## Your assignment
Give each record below again, without a single difference.

[Dataset entries]

☆ ☆ ☆ ☆ ☆ ☆ ☆

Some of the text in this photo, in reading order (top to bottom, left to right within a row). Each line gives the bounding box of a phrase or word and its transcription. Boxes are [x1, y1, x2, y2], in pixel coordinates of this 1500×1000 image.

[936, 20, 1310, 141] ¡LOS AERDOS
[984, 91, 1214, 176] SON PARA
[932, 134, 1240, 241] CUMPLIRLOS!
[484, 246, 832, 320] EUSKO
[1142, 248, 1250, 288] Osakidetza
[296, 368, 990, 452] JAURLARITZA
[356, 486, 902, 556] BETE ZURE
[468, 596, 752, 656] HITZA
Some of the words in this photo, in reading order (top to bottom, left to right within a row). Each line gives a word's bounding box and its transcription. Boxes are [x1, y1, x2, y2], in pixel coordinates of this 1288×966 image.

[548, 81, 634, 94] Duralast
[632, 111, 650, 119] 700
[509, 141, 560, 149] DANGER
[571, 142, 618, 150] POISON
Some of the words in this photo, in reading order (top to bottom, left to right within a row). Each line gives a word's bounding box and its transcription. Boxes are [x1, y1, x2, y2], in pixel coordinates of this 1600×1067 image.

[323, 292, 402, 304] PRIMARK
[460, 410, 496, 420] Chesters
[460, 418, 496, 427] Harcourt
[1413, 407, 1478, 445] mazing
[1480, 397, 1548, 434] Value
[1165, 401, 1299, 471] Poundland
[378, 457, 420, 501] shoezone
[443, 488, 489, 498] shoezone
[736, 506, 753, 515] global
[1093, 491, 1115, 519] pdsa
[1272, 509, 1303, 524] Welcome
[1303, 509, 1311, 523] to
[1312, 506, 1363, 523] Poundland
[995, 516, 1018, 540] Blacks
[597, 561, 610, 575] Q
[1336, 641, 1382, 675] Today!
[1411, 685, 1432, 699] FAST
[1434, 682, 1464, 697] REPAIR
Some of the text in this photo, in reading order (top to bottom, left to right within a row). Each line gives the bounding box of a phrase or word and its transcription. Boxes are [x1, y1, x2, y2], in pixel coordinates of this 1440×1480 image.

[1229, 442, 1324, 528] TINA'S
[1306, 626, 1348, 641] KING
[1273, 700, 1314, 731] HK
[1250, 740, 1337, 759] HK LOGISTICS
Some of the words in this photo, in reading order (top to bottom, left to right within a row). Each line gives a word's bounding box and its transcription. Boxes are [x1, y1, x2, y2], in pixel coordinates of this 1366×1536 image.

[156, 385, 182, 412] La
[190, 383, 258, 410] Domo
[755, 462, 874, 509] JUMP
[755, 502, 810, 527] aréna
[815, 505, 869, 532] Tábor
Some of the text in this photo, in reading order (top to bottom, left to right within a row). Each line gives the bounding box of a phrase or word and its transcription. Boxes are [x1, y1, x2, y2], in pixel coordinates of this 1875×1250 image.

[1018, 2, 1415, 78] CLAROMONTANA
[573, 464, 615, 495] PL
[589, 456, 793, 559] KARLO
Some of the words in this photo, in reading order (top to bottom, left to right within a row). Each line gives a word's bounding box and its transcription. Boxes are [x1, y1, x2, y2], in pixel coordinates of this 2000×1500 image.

☆ ☆ ☆ ☆ ☆ ☆ ☆

## Solution to the exercise
Some of the text in this photo, in reading order (top to bottom, left to right within a row). Each line gives the bounding box of a phrase or word and its transcription. Boxes are [x1, y1, x2, y2], in pixel coordinates of this 1500×1000 image.

[936, 20, 1310, 141] ¡LOS AERDOS
[984, 91, 1214, 176] SON PARA
[932, 134, 1240, 241] CUMPLIRLOS!
[484, 246, 832, 320] EUSKO
[1142, 248, 1250, 288] Osakidetza
[296, 368, 990, 452] JAURLARITZA
[356, 486, 902, 556] BETE ZURE
[468, 596, 752, 656] HITZA
Some of the words in this photo, in reading order (top to bottom, left to right within a row). Each line gives a word's bounding box and its transcription. Boxes are [x1, y1, x2, y2], in pixel coordinates of this 1288×966 image.

[548, 81, 634, 94] Duralast
[632, 111, 650, 119] 700
[509, 141, 560, 149] DANGER
[571, 142, 618, 150] POISON
Some of the words in this photo, in reading order (top to bottom, left to right within a row). Each line gives a word's bounding box and its transcription. Boxes are [x1, y1, x2, y2], in pixel coordinates of this 1600×1067 image.

[323, 292, 402, 304] PRIMARK
[460, 410, 496, 420] Chesters
[460, 418, 496, 427] Harcourt
[1413, 407, 1478, 445] mazing
[1480, 397, 1548, 434] Value
[1165, 401, 1299, 471] Poundland
[378, 457, 420, 501] shoezone
[443, 488, 489, 498] shoezone
[736, 506, 753, 515] global
[1093, 491, 1115, 519] pdsa
[1272, 509, 1303, 524] Welcome
[1303, 509, 1311, 523] to
[1312, 506, 1363, 523] Poundland
[995, 516, 1018, 540] Blacks
[597, 561, 610, 575] Q
[1336, 641, 1382, 675] Today!
[1411, 685, 1432, 699] FAST
[1434, 682, 1464, 697] REPAIR
Some of the text in this photo, in reading order (top to bottom, left to right within a row). Each line gives the bounding box of a phrase or word and its transcription. Boxes are [x1, y1, x2, y2], in pixel coordinates of this 1440×1480 image.

[1229, 442, 1324, 528] TINA'S
[1306, 626, 1348, 641] KING
[1273, 700, 1314, 731] HK
[1250, 740, 1337, 759] HK LOGISTICS
Some of the words in this photo, in reading order (top to bottom, left to right within a row). Each line gives a word's bounding box and its transcription. Boxes are [x1, y1, x2, y2], in pixel coordinates of this 1366×1536 image.

[156, 385, 182, 412] La
[190, 383, 258, 410] Domo
[755, 462, 874, 509] JUMP
[755, 502, 810, 527] aréna
[815, 505, 869, 532] Tábor
Some of the text in this photo, in reading order (top to bottom, left to right within a row). Each line gives the bounding box of a phrase or word and its transcription. Boxes are [x1, y1, x2, y2], in pixel coordinates of this 1875×1250 image.

[1018, 2, 1415, 78] CLAROMONTANA
[573, 464, 615, 495] PL
[589, 456, 793, 559] KARLO
Some of the words in this photo, in reading order (top to bottom, left to right within a row). Each line gives a word's bounding box and its transcription. Boxes are [x1, y1, x2, y2], in pixel coordinates of this 2000×1500 image.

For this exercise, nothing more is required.